The practical implication for communications or app providers is that a relatively small number of decisions and priorities actually matter, where it comes to making a transition from legacy to next generation business models.
The corollary is that there are a many “good” or “useful” or “helpful” things any service or app provider can do, but which should not be done, to concentrate on the few areas where breakthroughs are possible.
In other words, the temptation to “do” any number of helpful things actually can be detrimental to strategic success, which requires intense concentration on a relative handful of decisions, investments and effort.
There are always lots of useful or helpful things a company might do, to support its business. Many of those things actually will deliver a measurable result. But most will fail to help a company make a strategic breakthrough.
So saying “no” to most of those helpful things can be a prerequisite for focusing effort on a few matters that can decisively change a company’s future.
The areas in which Pareto applies are rather large. The Pareto theorem is the underlying principle of the “long tail” approach to freemium pricing, for example, where basic versions of a product are free, and users then pay incrementally more for additional features.
The Pareto rule can guide resource allocation, the principle being that there is some allocation or resources that makes a person or an organization better off, while not harming existing persons or the organization itself.
The principle is popularly understand as the 80/20 rule, which stipulates that about 20 percent of effort produces 80 percent of results.
The Gini coefficient essentially follows Pareto distribution patterns as well, and describes national income inequality patterns as well.
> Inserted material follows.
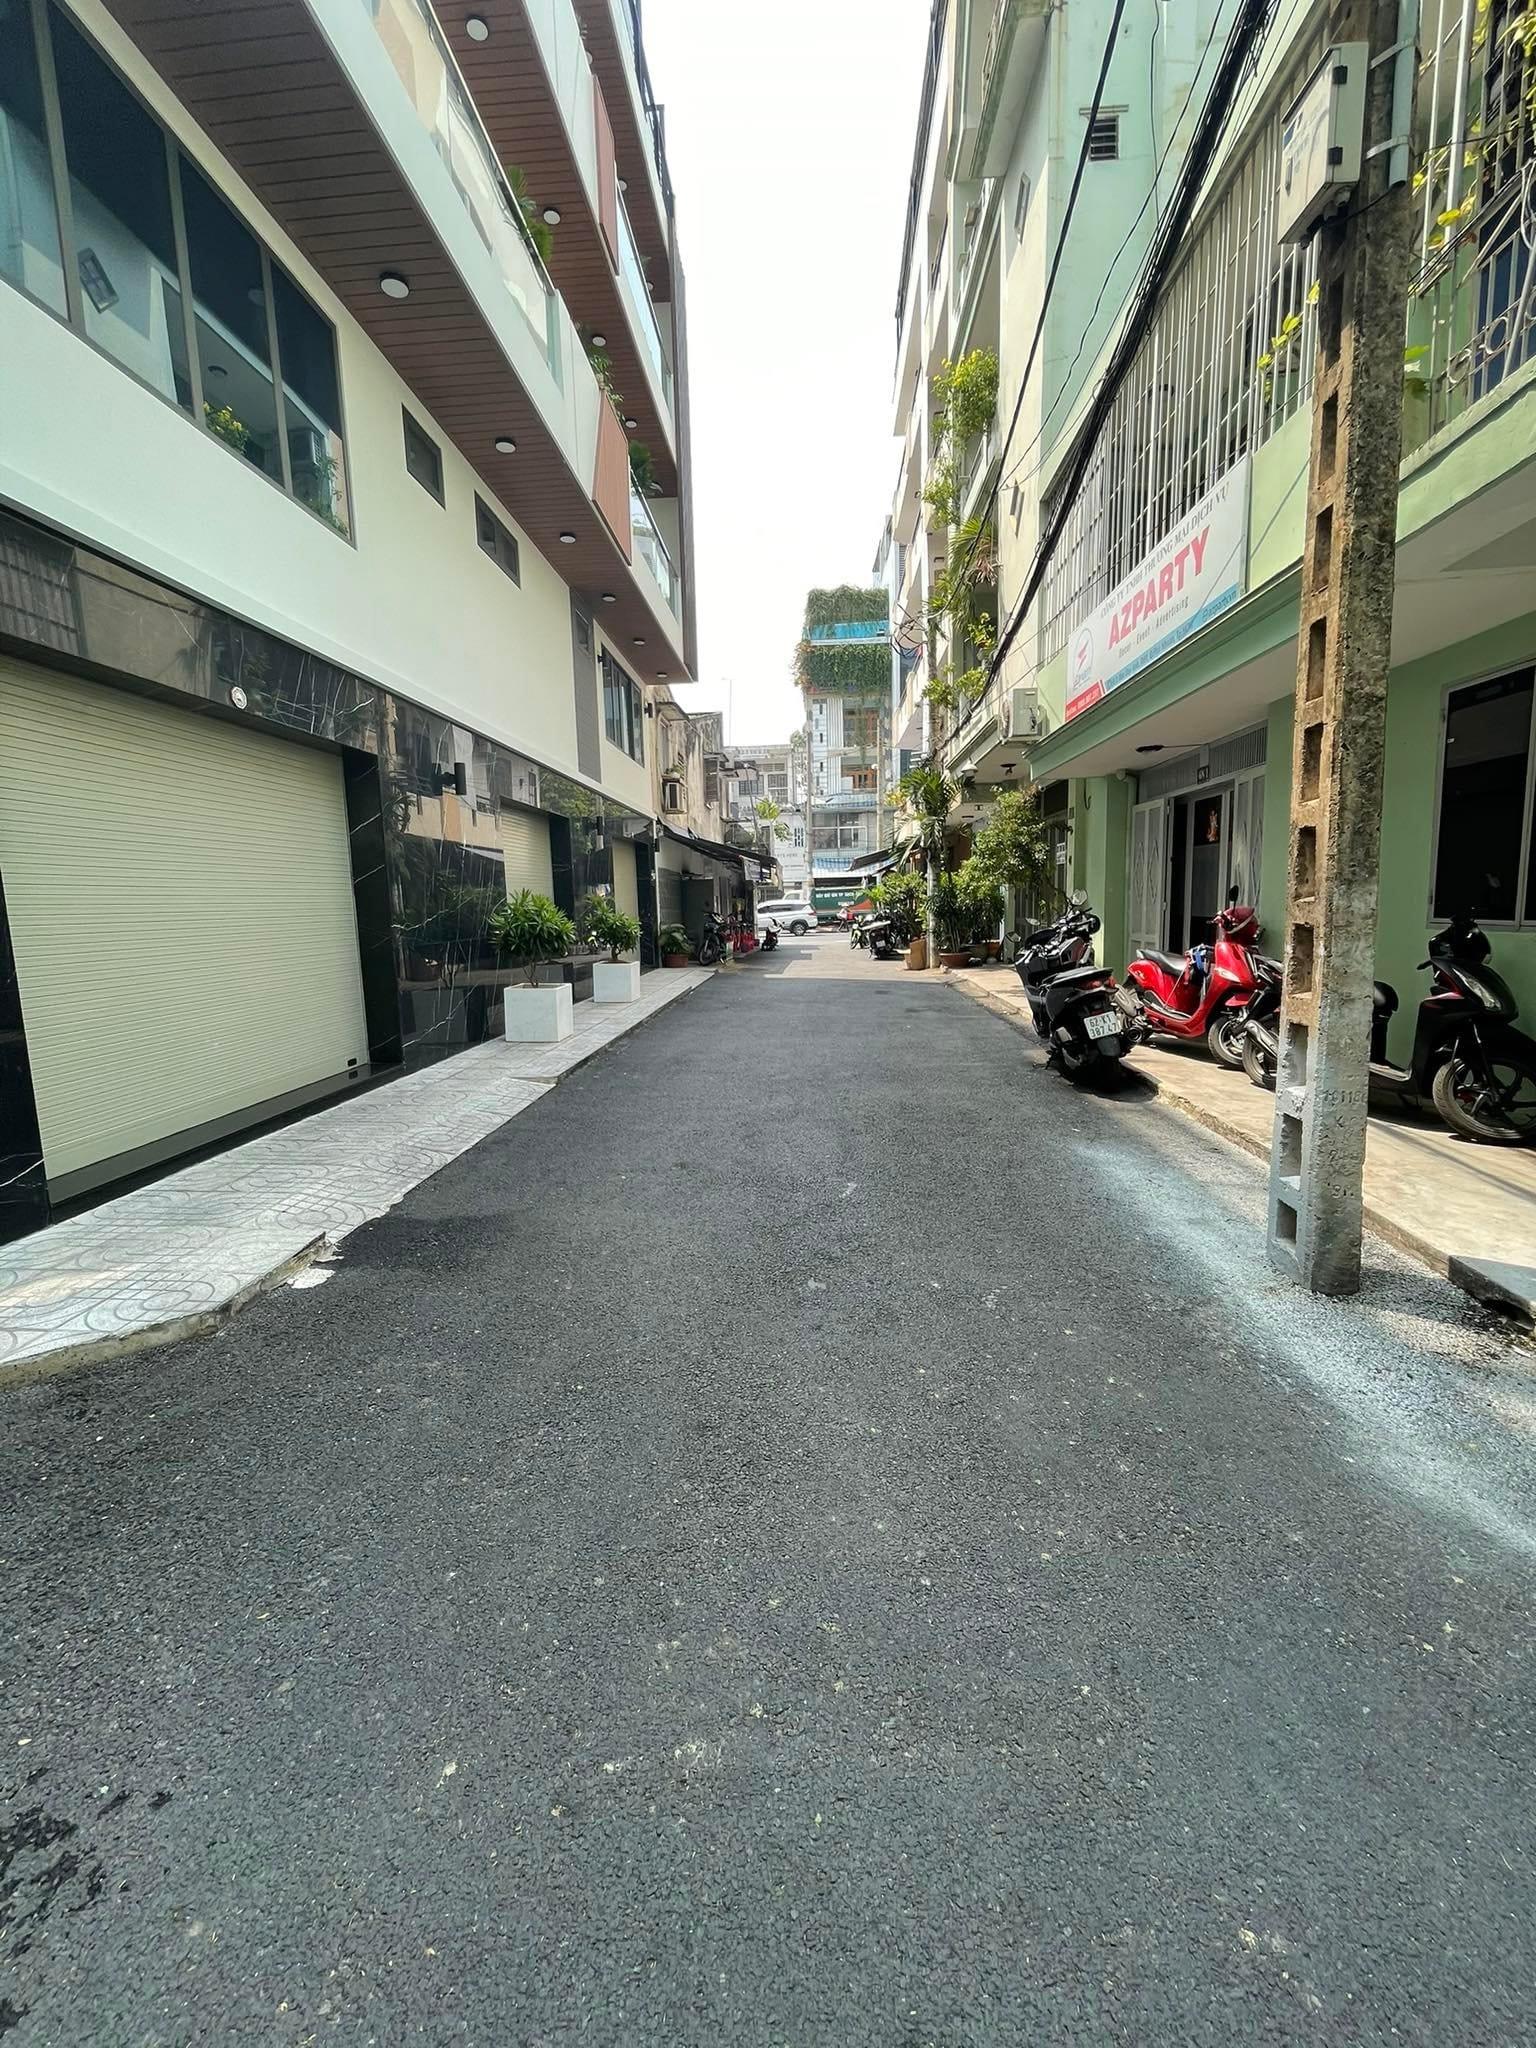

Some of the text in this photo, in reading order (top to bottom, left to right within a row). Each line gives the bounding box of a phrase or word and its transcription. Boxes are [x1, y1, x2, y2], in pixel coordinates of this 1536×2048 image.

[1107, 524, 1211, 651] AZPARTY
[1156, 596, 1190, 629] Advertising
[1090, 1022, 1117, 1038] 387.47
In the United States, the number of homes without a broadband connection follows a Pareto distribution.
It illustrates the law of diminishing returns. The cost of building access loops generally follow Pareto rules, for example. The inverse of the Pareto distribution is that a small number of instances produce most of the “per-line” access cost.
In other words, a small number of remote locations represent a disproportionate share of network cost, based on cost per mile.